HERNANI DIMANTAS:

A CULTURA HACKER
É UMA NOVA FORMA DE PENSAR






HERNANI DIMANTAS estréia no mercado editorial com o livro Marketing Hacker: A Revolução dos Mercados, pela editora Garamond. A obra conta, por meio de uma série de artigos, a trajetória do projeto www.marketinghacker.com.br .

Um dos mais antigos colaboradores da Novae e de diversos outros projetos livres na Web, HD - para os mais próximos - dialoga com autores como Pierre Lévy e com textos como o Manifesto Cluetrain e aborda a revolução que a Internet possibilita nas relações de produção e consumo de mercadorias e mensagens. "À premissa das empresas de que o consumidor deve ser seduzido para o consumo acrítico, massivo e passivo de produtos e mensagens, Hernani Dimantas responde com a estratégia hacker, ou seja, com a participação coletiva, inteligente e crítica nos processos de produção", diz umas das coordenadoras da obra, Maria Alzira Brum Lemos.
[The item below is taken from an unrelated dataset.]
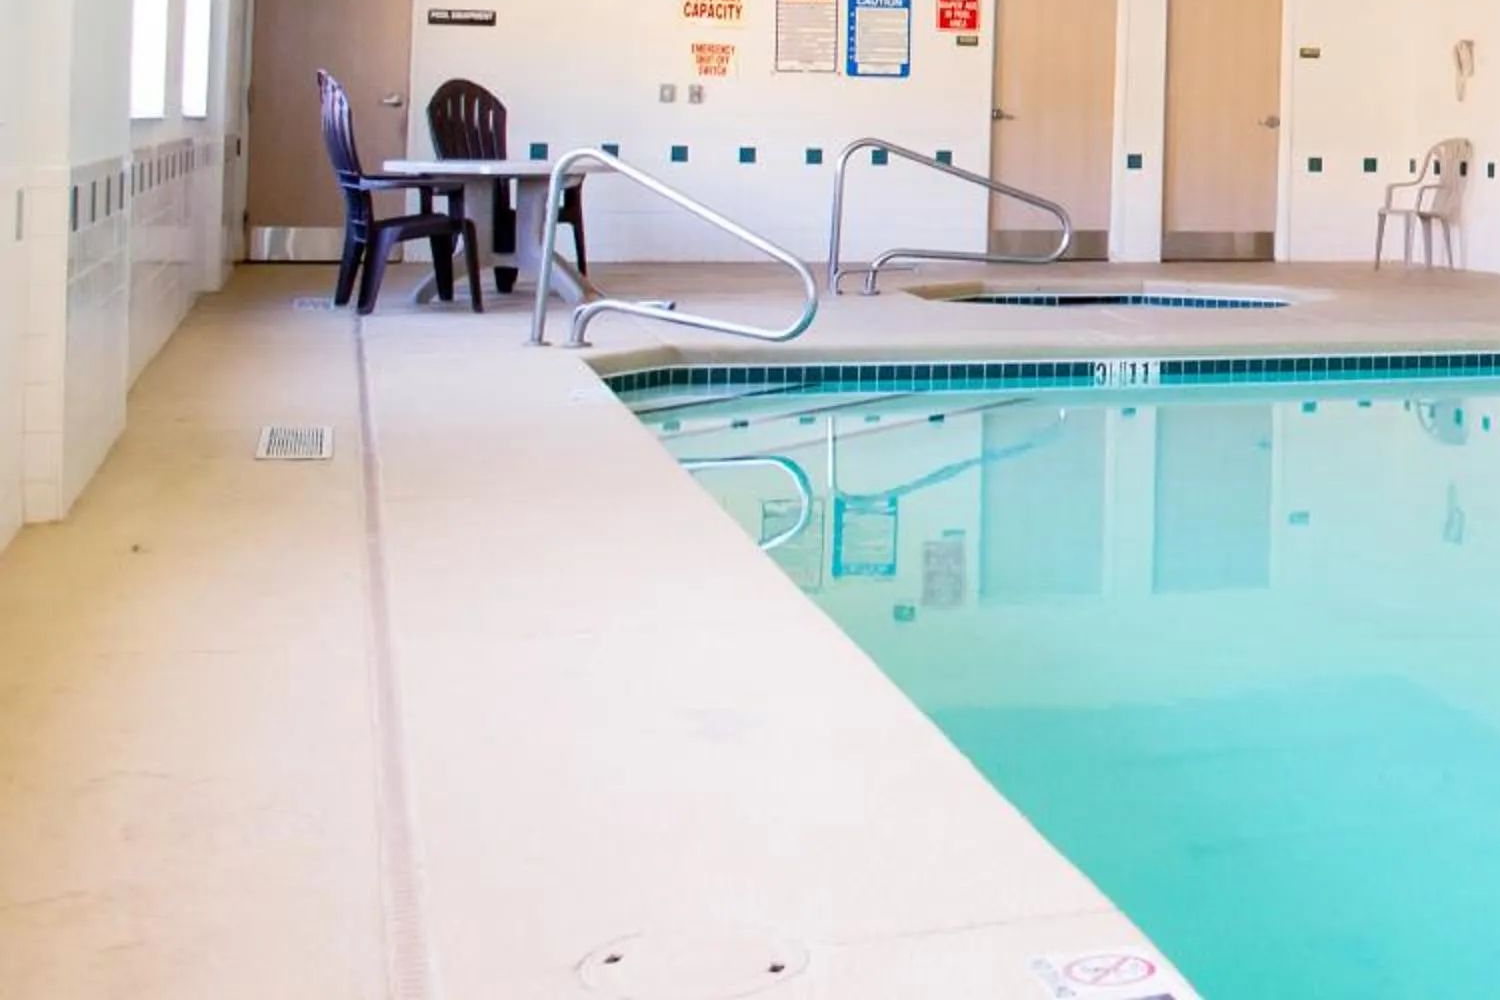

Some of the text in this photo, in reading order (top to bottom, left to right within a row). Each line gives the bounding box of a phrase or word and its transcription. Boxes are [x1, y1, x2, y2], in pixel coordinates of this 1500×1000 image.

Mas explicações do que faz ou o que pensa HD é dispensável para quem vive diariamente a Internet, independente dos grandes portais com suas senhas de acesso e seus truques comerciais. Nesse mundo, conhecemos bem Dimantas, que freqüenta tribos tão diversas e antagônicas que vão do mundo blog e imprensa alternativa, a colaborações pontuais com grandes players da mídia de massa. "Acredito na necessidade de incrustar este discurso na maior quantidade de canais."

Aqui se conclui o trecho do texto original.